Where an entry contains an image, skip the image and print the rest exactly.

Data records ->
****

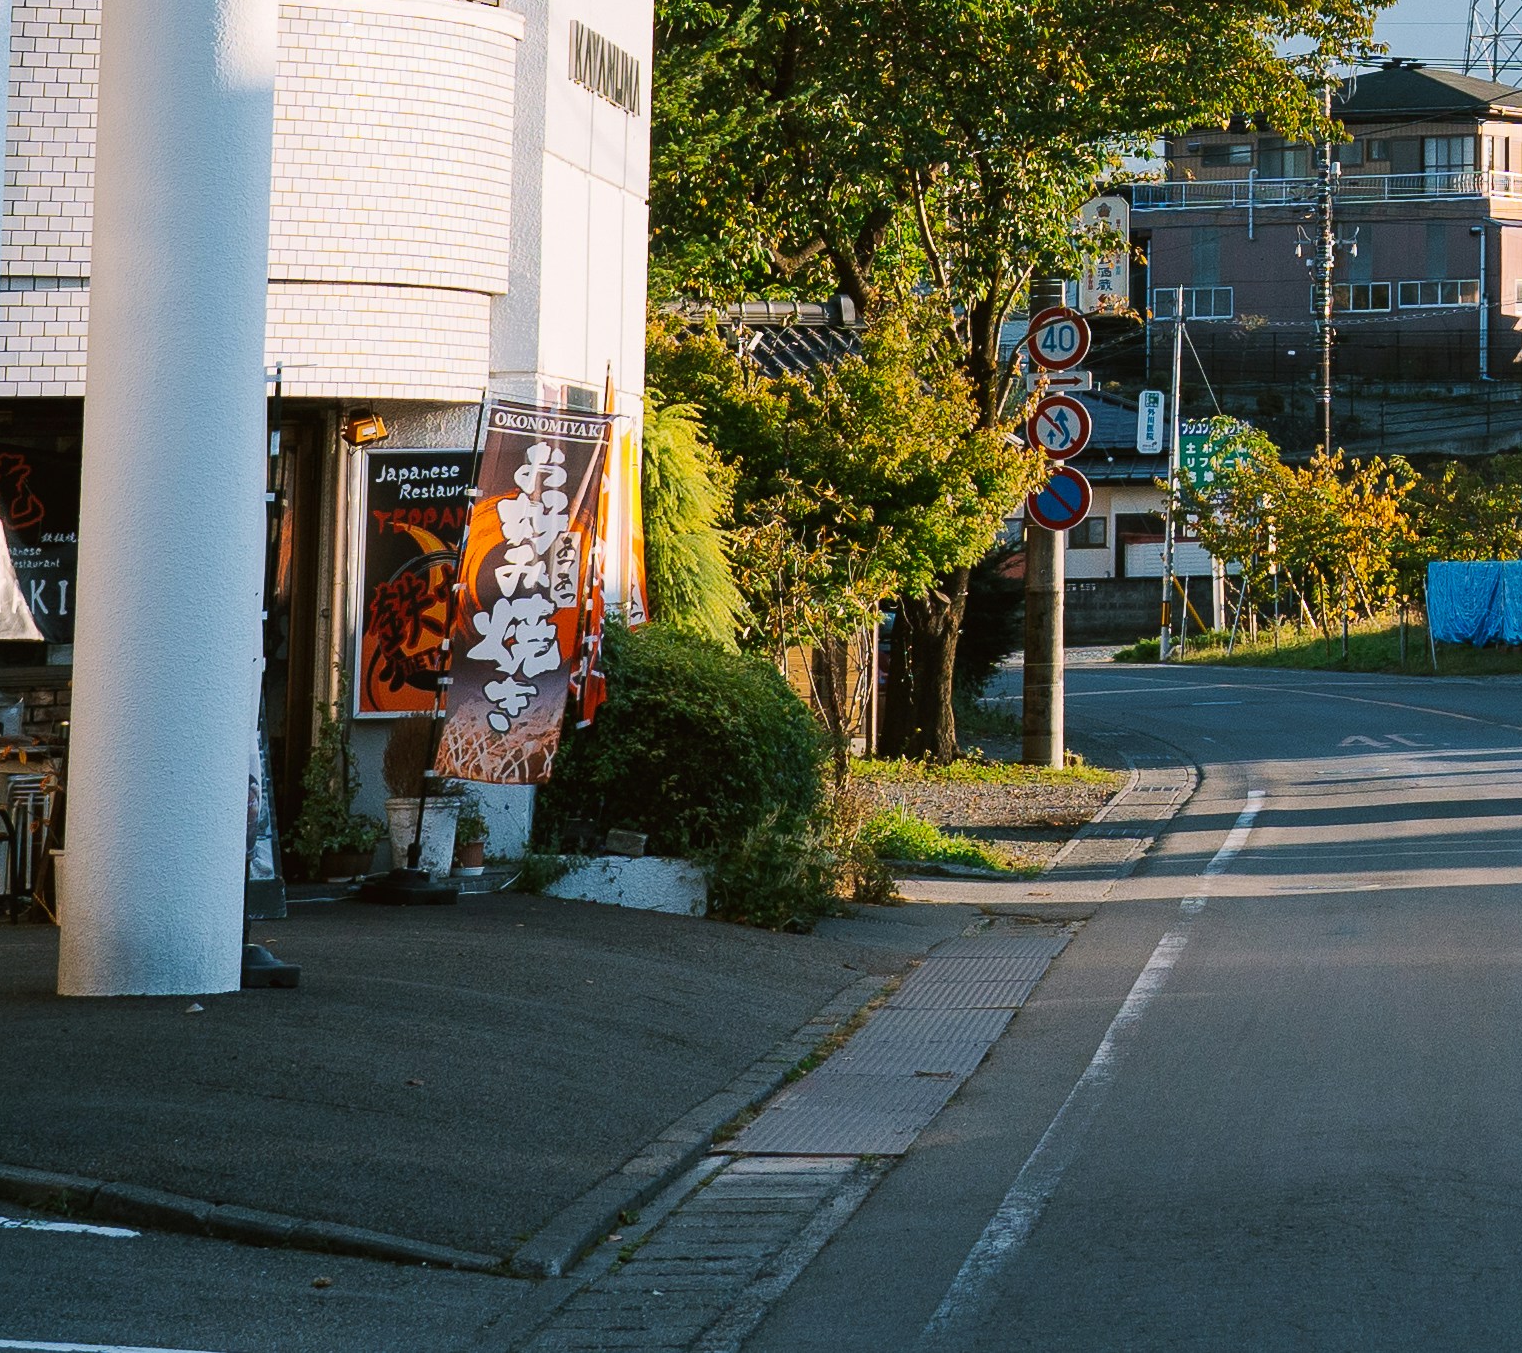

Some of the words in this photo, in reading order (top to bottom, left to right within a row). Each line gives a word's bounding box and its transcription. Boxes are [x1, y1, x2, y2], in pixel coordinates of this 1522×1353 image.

[1041, 325, 1075, 352] 40
[494, 411, 606, 439] OKONOMIYAKI
[375, 464, 460, 484] Japanese
[399, 483, 477, 500] Restaur
[12, 558, 60, 568] estaurant
[466, 441, 570, 733] お好み焼き
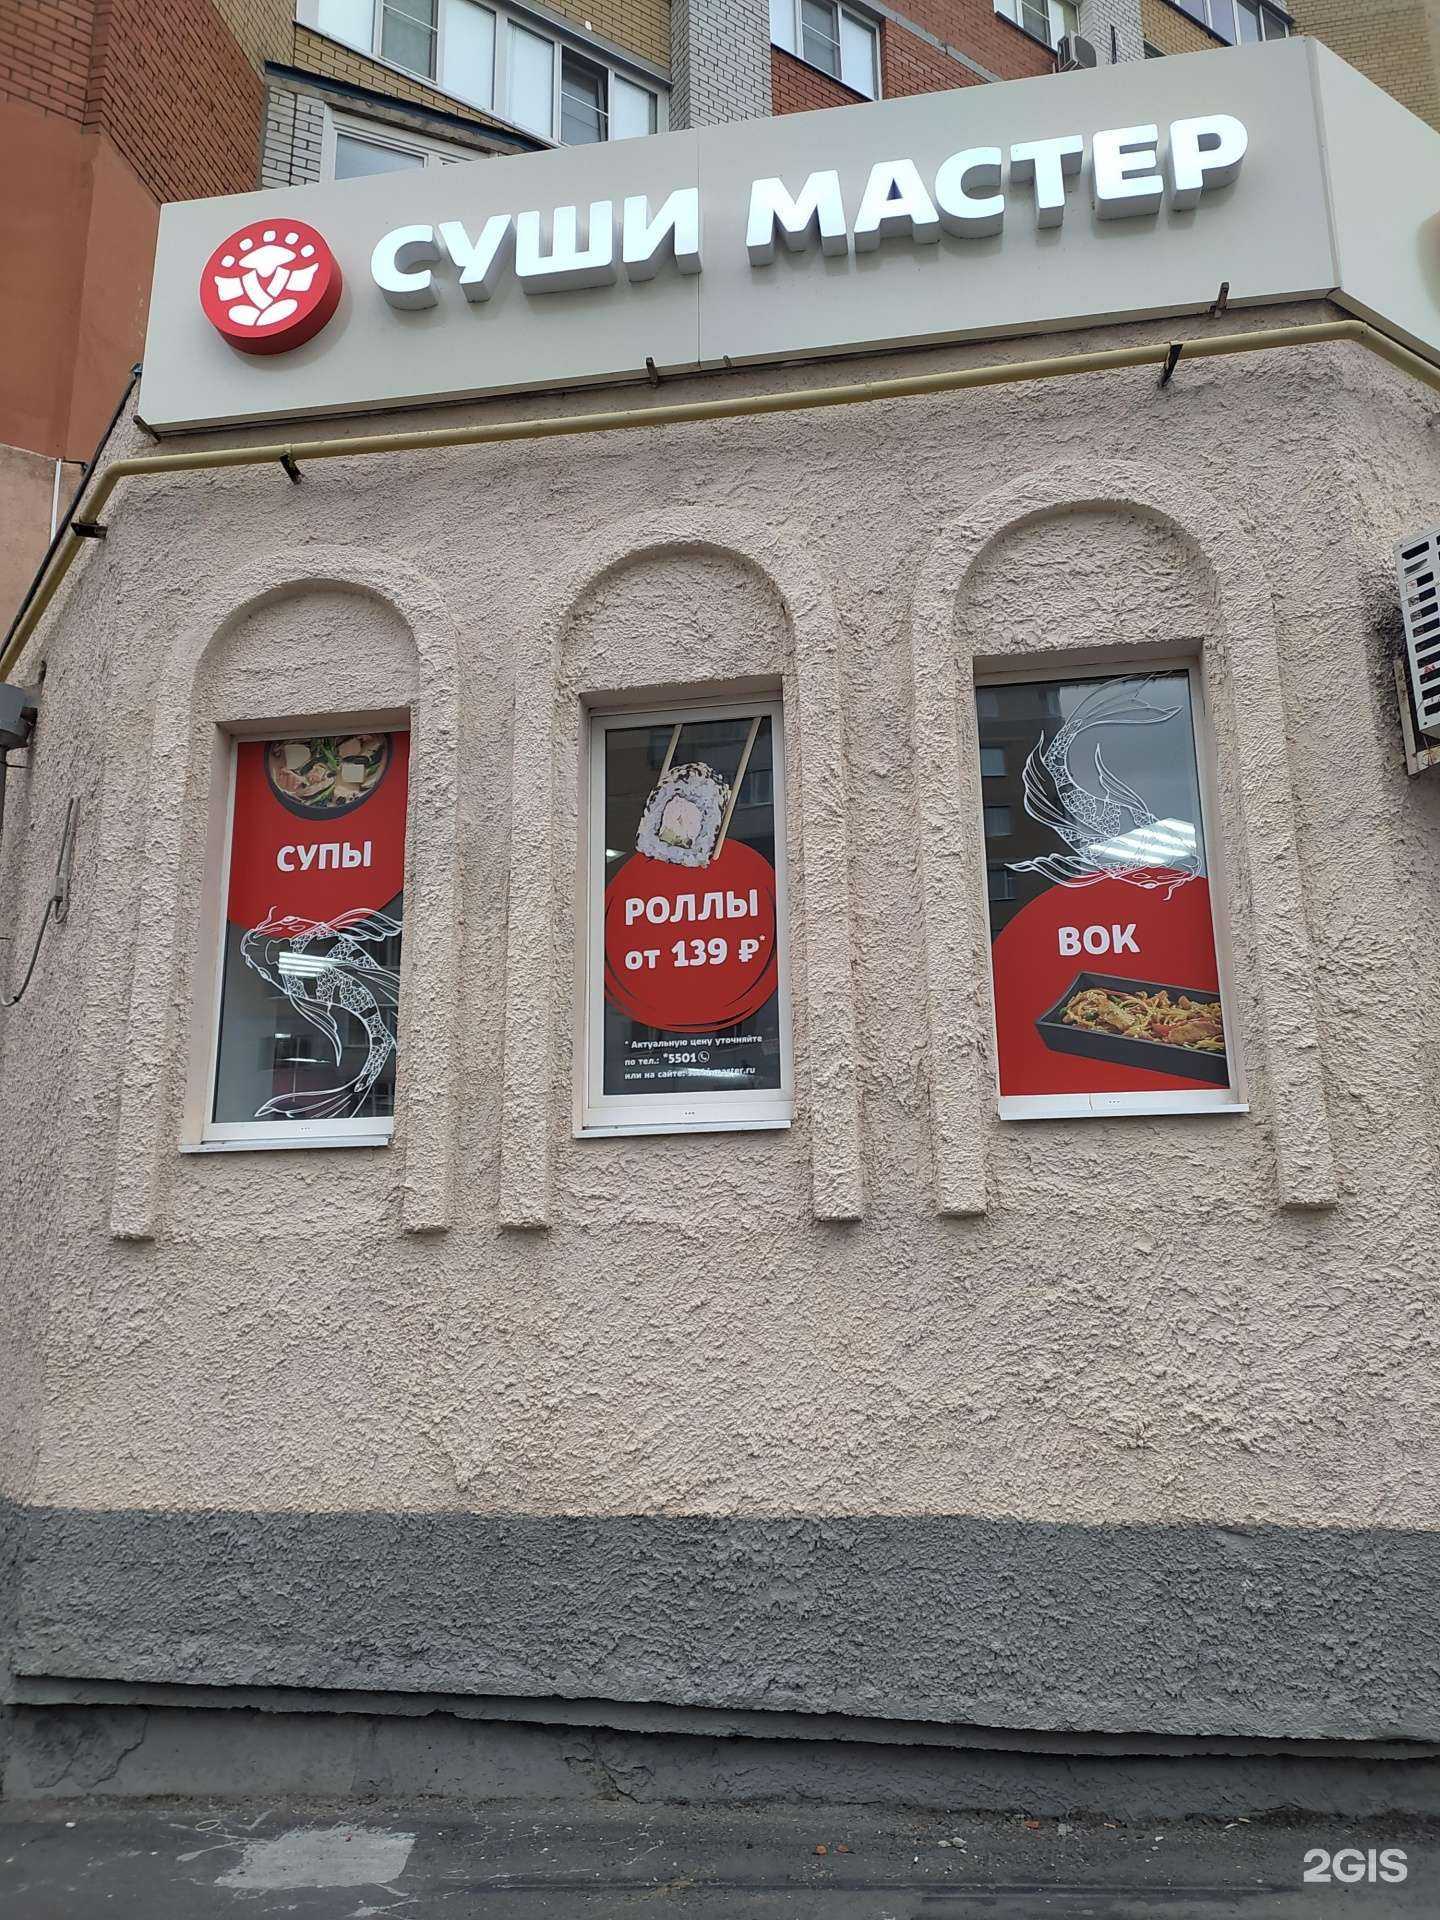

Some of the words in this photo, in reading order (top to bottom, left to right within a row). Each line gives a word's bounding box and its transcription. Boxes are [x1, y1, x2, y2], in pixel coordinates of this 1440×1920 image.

[370, 187, 700, 293] СУШИ
[745, 113, 1249, 248] МАСТЕР
[276, 840, 373, 873] СУПЫ
[625, 889, 758, 926] РОЛЛЫ
[625, 949, 660, 970] от
[671, 937, 728, 968] 139
[1057, 922, 1142, 957] ВОК
[630, 1039, 688, 1050] Актуальную
[690, 1037, 713, 1047] цену
[714, 1034, 763, 1046] уточняйте
[624, 1072, 642, 1080] или
[644, 1071, 655, 1079] на
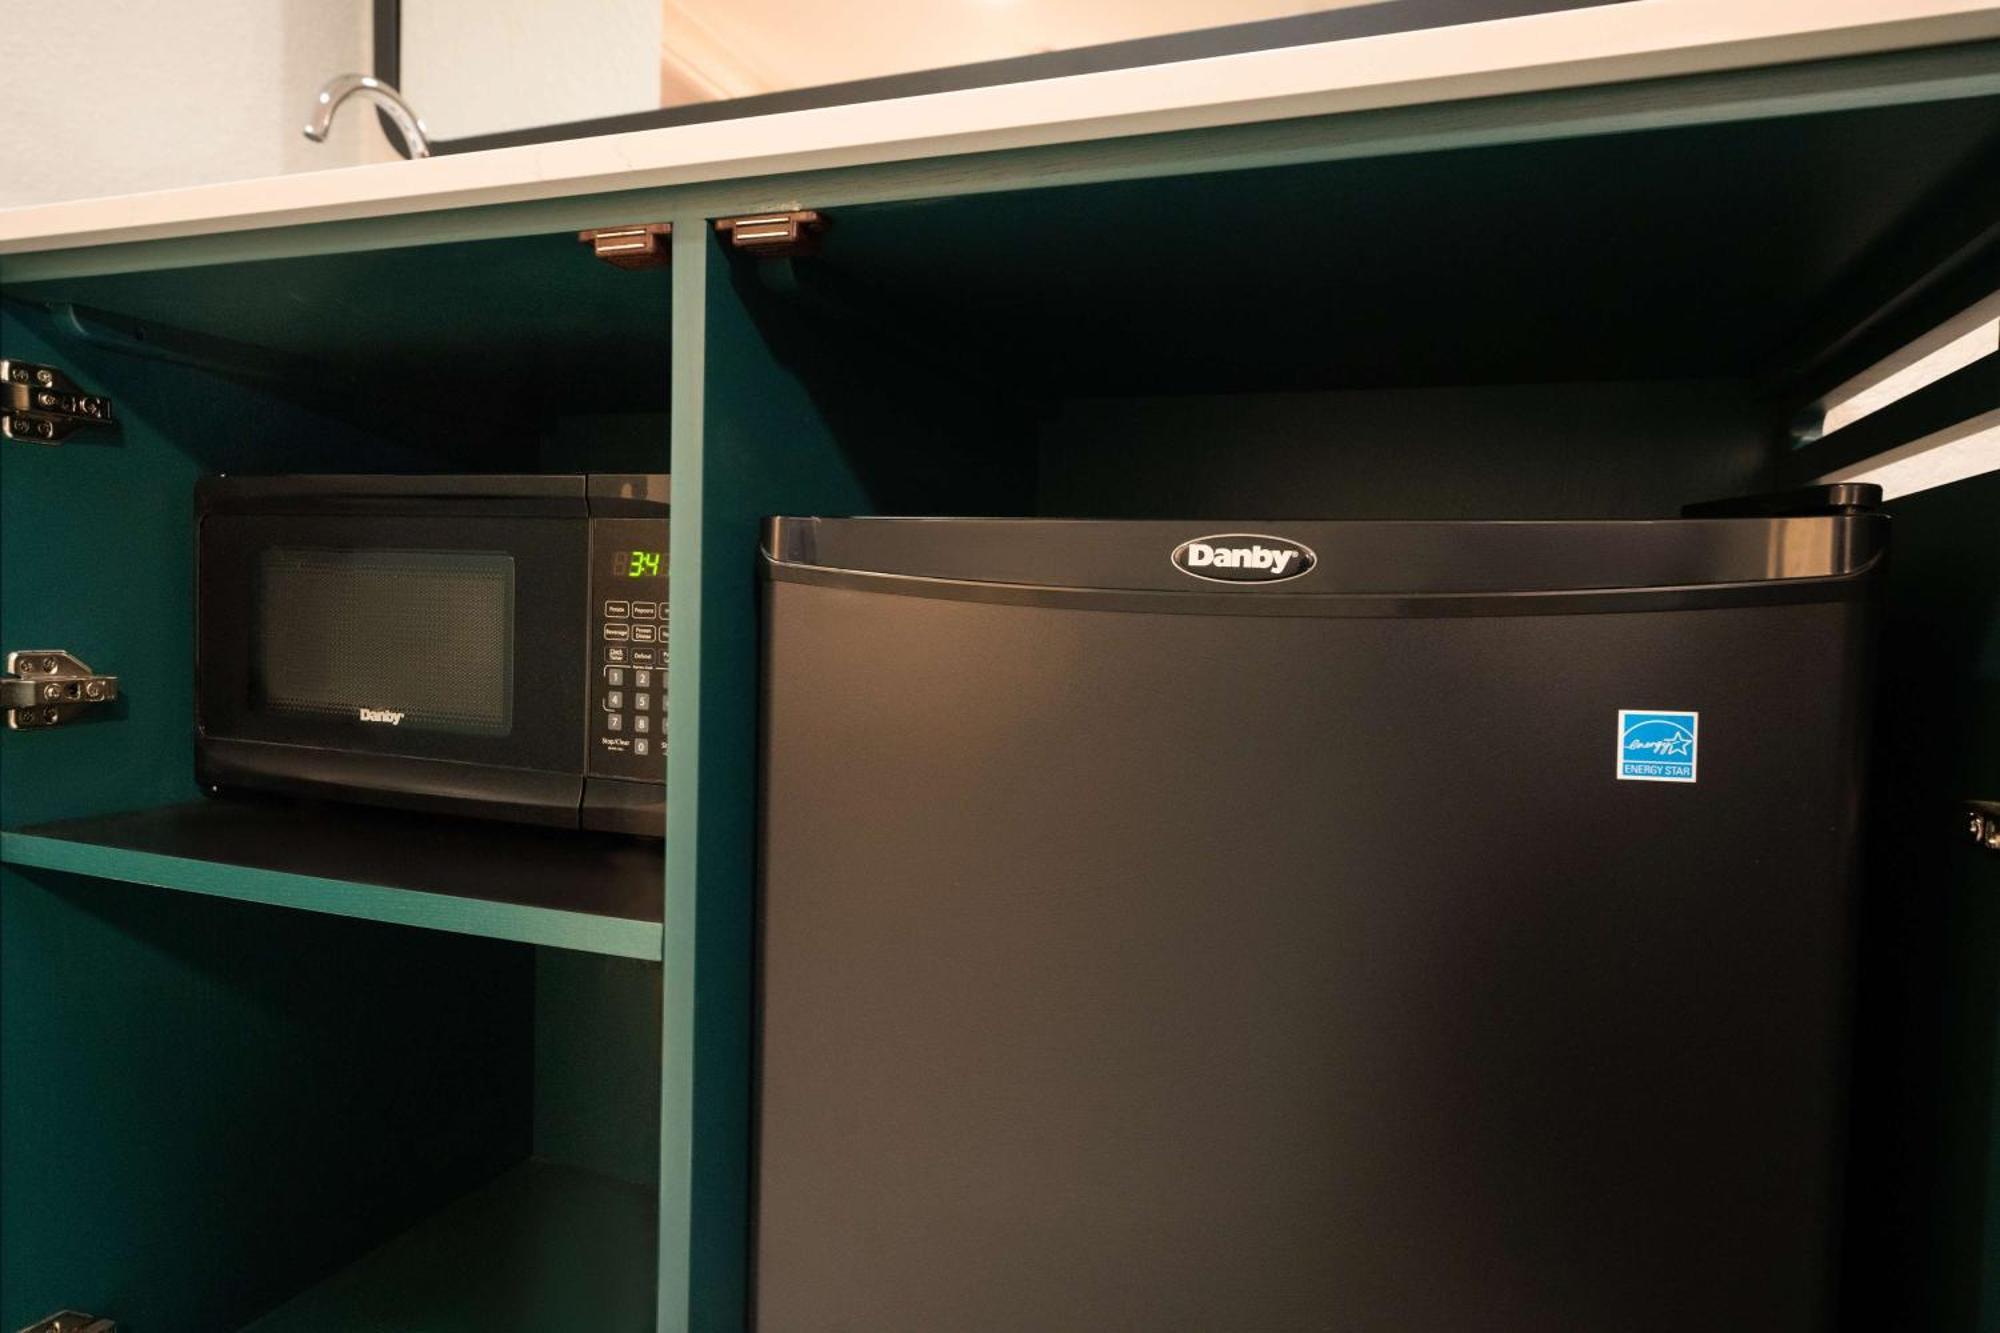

****

Answer area ->
Some of the words in this photo, in reading order (top to bottom, left to right within a row). Each line gives a word's bounding box and its transcription. Boxes are [x1, y1, x2, y2], in pixel coordinates of this 1522×1353 image.

[1041, 325, 1075, 352] 40
[494, 411, 606, 439] OKONOMIYAKI
[375, 464, 460, 484] Japanese
[399, 483, 477, 500] Restaur
[12, 558, 60, 568] estaurant
[466, 441, 570, 733] お好み焼き

Some of the words in this photo, in reading order (top to bottom, left to right within a row). Each line gives a word's bounding box and its transcription. Boxes are [x1, y1, x2, y2], in pixel coordinates of this 1440×1920 image.

[370, 187, 700, 293] СУШИ
[745, 113, 1249, 248] МАСТЕР
[276, 840, 373, 873] СУПЫ
[625, 889, 758, 926] РОЛЛЫ
[625, 949, 660, 970] от
[671, 937, 728, 968] 139
[1057, 922, 1142, 957] ВОК
[630, 1039, 688, 1050] Актуальную
[690, 1037, 713, 1047] цену
[714, 1034, 763, 1046] уточняйте
[624, 1072, 642, 1080] или
[644, 1071, 655, 1079] на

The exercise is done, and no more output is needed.